**Problem statement**
Return each of the entries below precisely, with no pictures in the result.

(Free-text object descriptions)
============

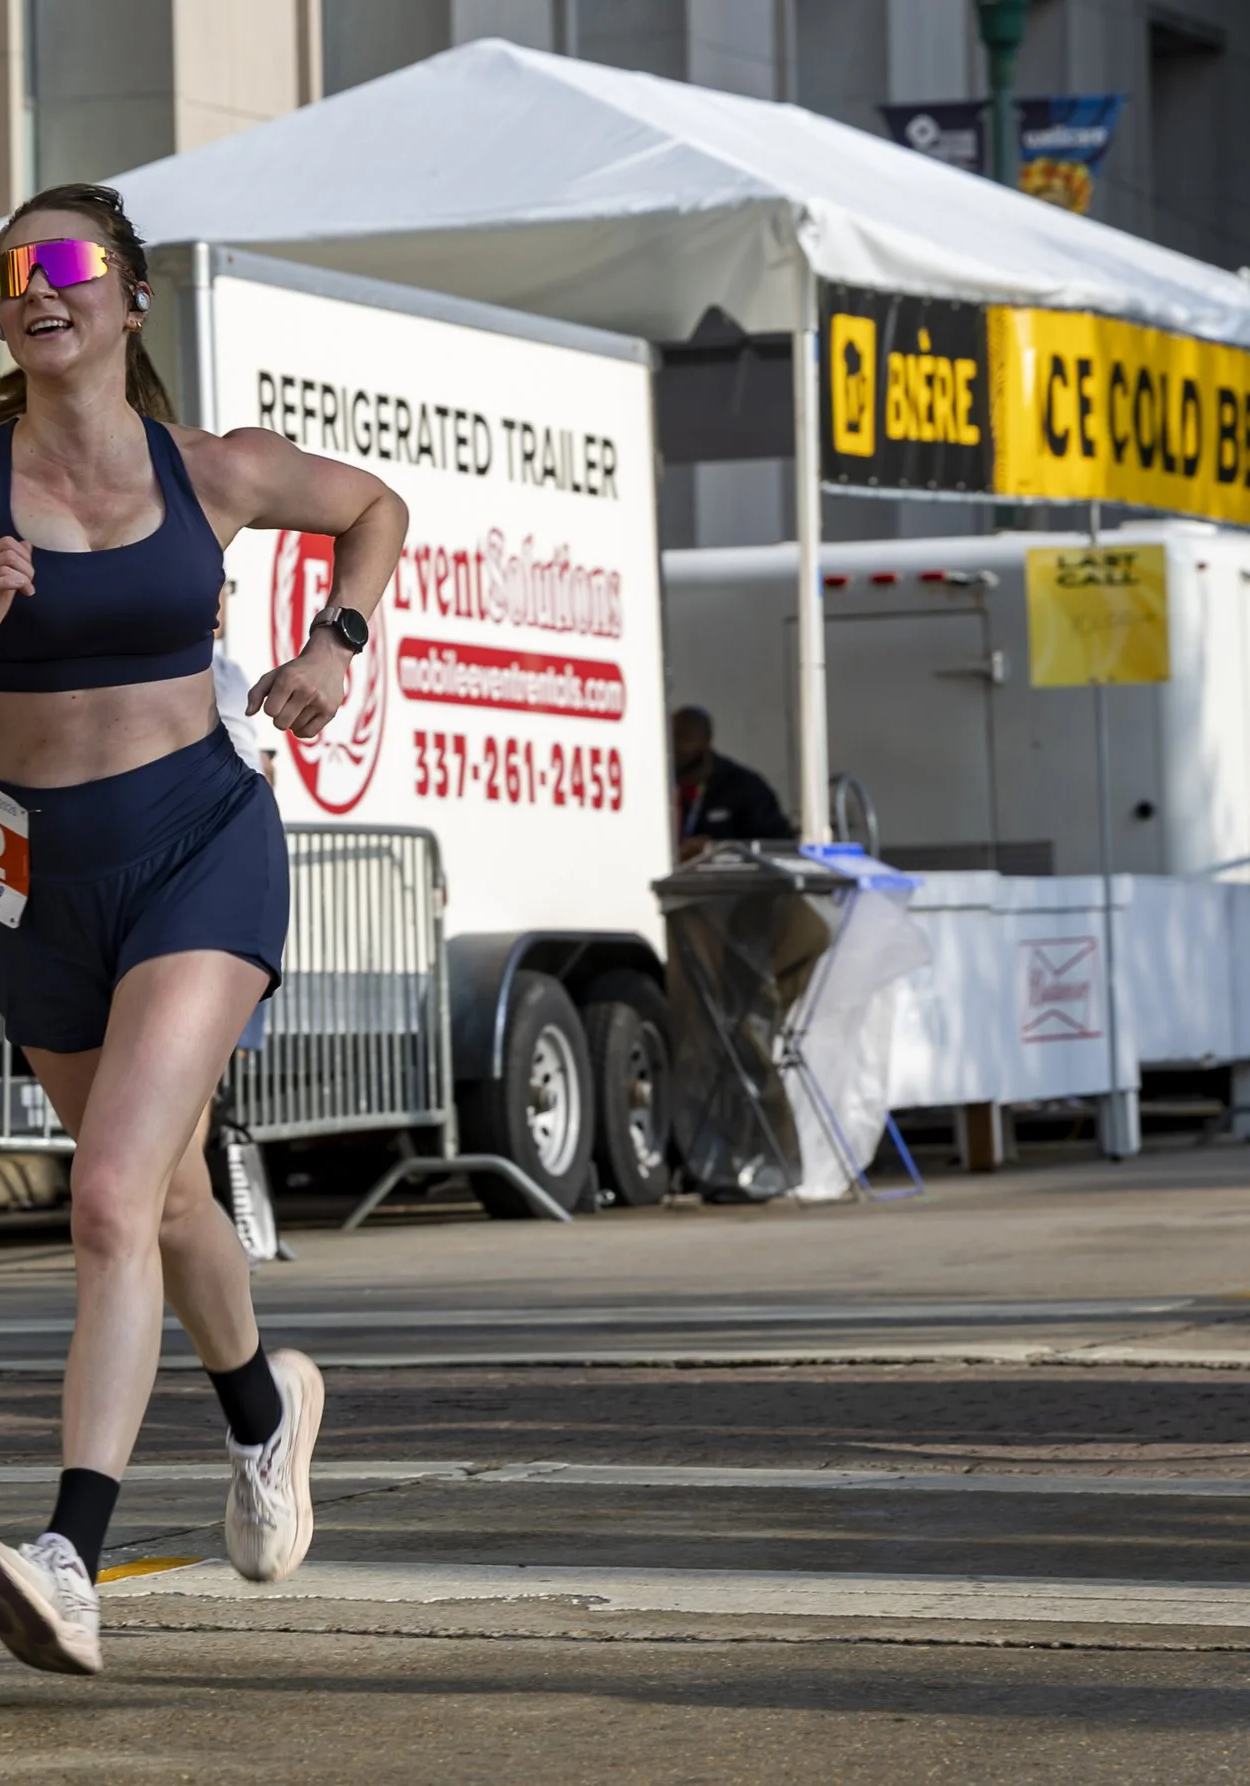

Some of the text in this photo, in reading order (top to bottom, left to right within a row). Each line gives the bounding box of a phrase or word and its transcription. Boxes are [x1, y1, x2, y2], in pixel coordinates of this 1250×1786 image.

[257, 370, 619, 500] REFRIGERATED TRAILER
[886, 327, 981, 446] BIÈRE
[1108, 360, 1202, 479] COLD
[413, 730, 624, 814] 337-261-2459
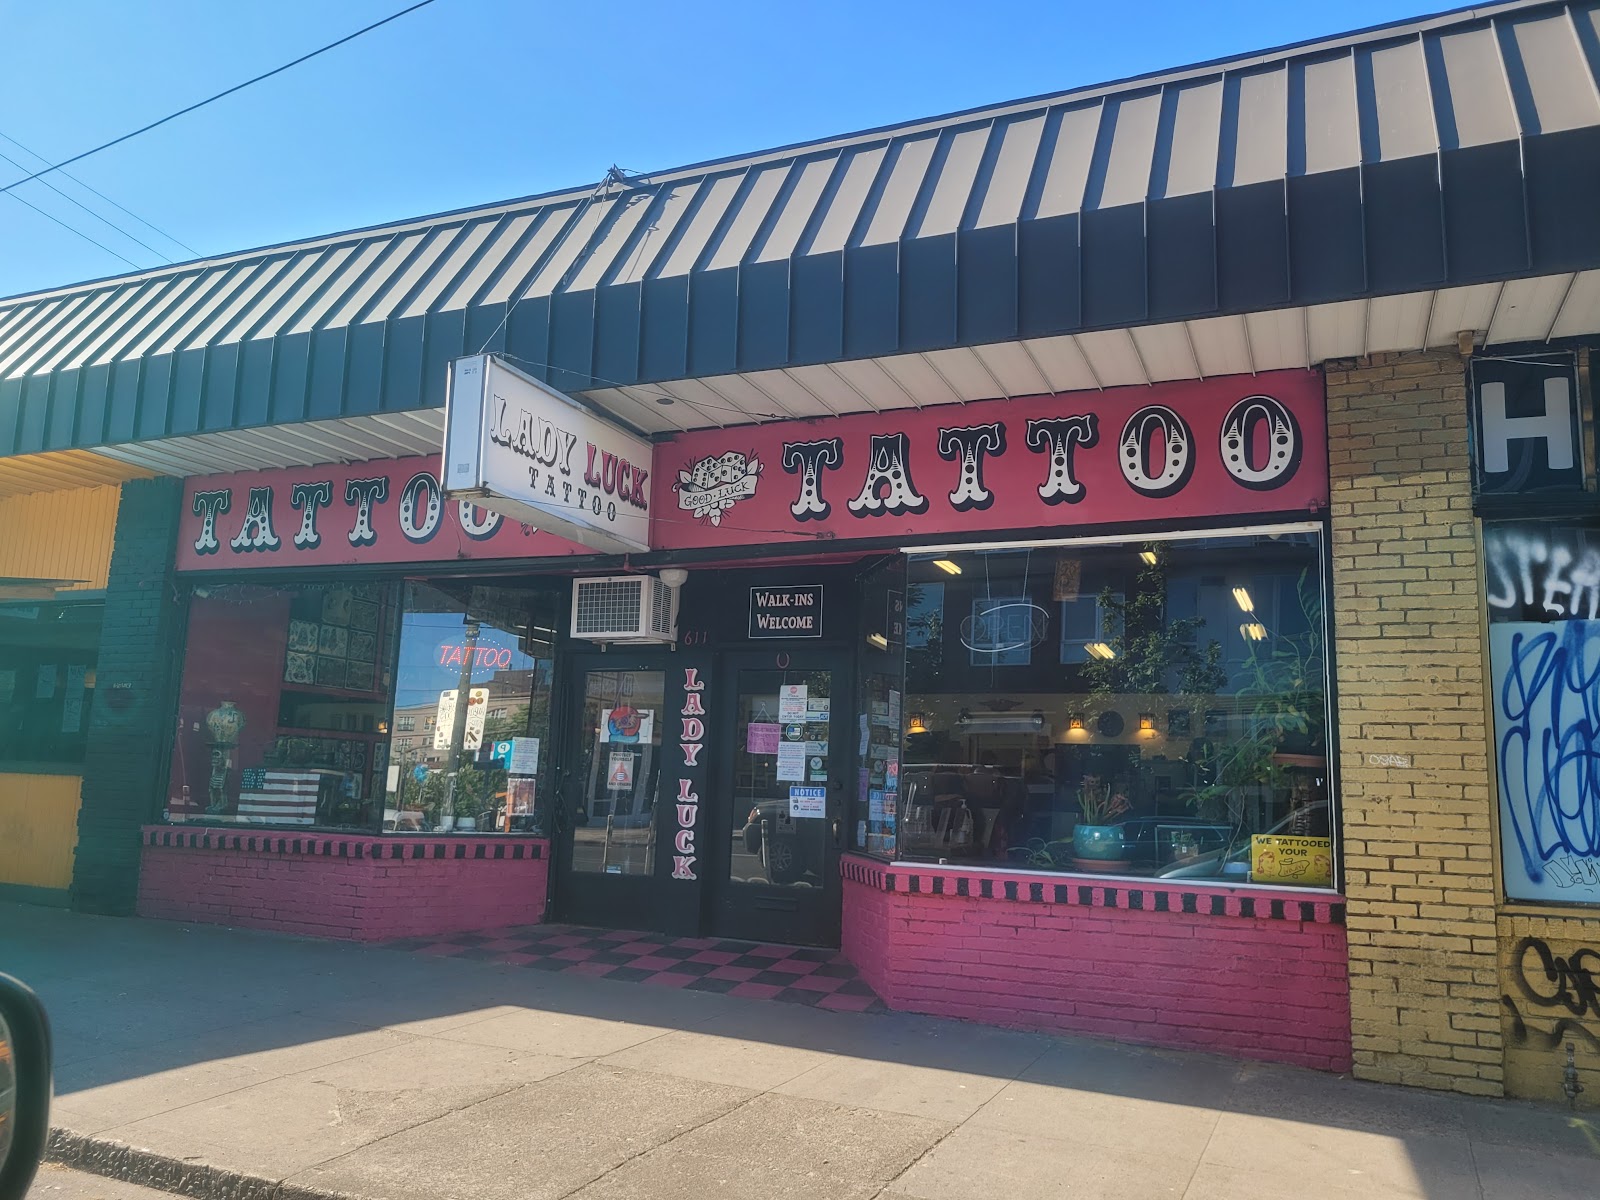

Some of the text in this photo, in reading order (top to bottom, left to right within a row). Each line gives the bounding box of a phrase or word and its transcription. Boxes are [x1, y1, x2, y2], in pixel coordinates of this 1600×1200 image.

[1481, 377, 1574, 473] H
[490, 394, 648, 511] LADY LUCK
[781, 394, 1303, 521] TATTOO
[529, 466, 616, 522] TATTOO
[684, 481, 750, 507] GOOD LUCK
[193, 471, 505, 555] TATTOO
[755, 592, 815, 608] WALK-INS
[756, 614, 814, 630] WELCOME
[960, 614, 1048, 642] OPEN
[684, 630, 707, 646] 611
[440, 645, 511, 667] TATTOO
[680, 668, 705, 766] LADY
[794, 788, 822, 797] NOTICE
[671, 779, 699, 881] LUCK
[1256, 836, 1330, 848] WE TATTOOED
[1278, 848, 1308, 857] YOUR

============

**Result**
Some of the text in this photo, in reading order (top to bottom, left to right within a row). Each line gives the bounding box of a phrase or word and its transcription. Boxes are [x1, y1, x2, y2], in pixel coordinates of this 1250×1786 image.

[257, 370, 619, 500] REFRIGERATED TRAILER
[886, 327, 981, 446] BIÈRE
[1108, 360, 1202, 479] COLD
[413, 730, 624, 814] 337-261-2459

Some of the text in this photo, in reading order (top to bottom, left to right within a row). Each line gives the bounding box of a phrase or word and its transcription. Boxes are [x1, y1, x2, y2], in pixel coordinates of this 1600×1200 image.

[1481, 377, 1574, 473] H
[490, 394, 648, 511] LADY LUCK
[781, 394, 1303, 521] TATTOO
[529, 466, 616, 522] TATTOO
[684, 481, 750, 507] GOOD LUCK
[193, 471, 505, 555] TATTOO
[755, 592, 815, 608] WALK-INS
[756, 614, 814, 630] WELCOME
[960, 614, 1048, 642] OPEN
[684, 630, 707, 646] 611
[440, 645, 511, 667] TATTOO
[680, 668, 705, 766] LADY
[794, 788, 822, 797] NOTICE
[671, 779, 699, 881] LUCK
[1256, 836, 1330, 848] WE TATTOOED
[1278, 848, 1308, 857] YOUR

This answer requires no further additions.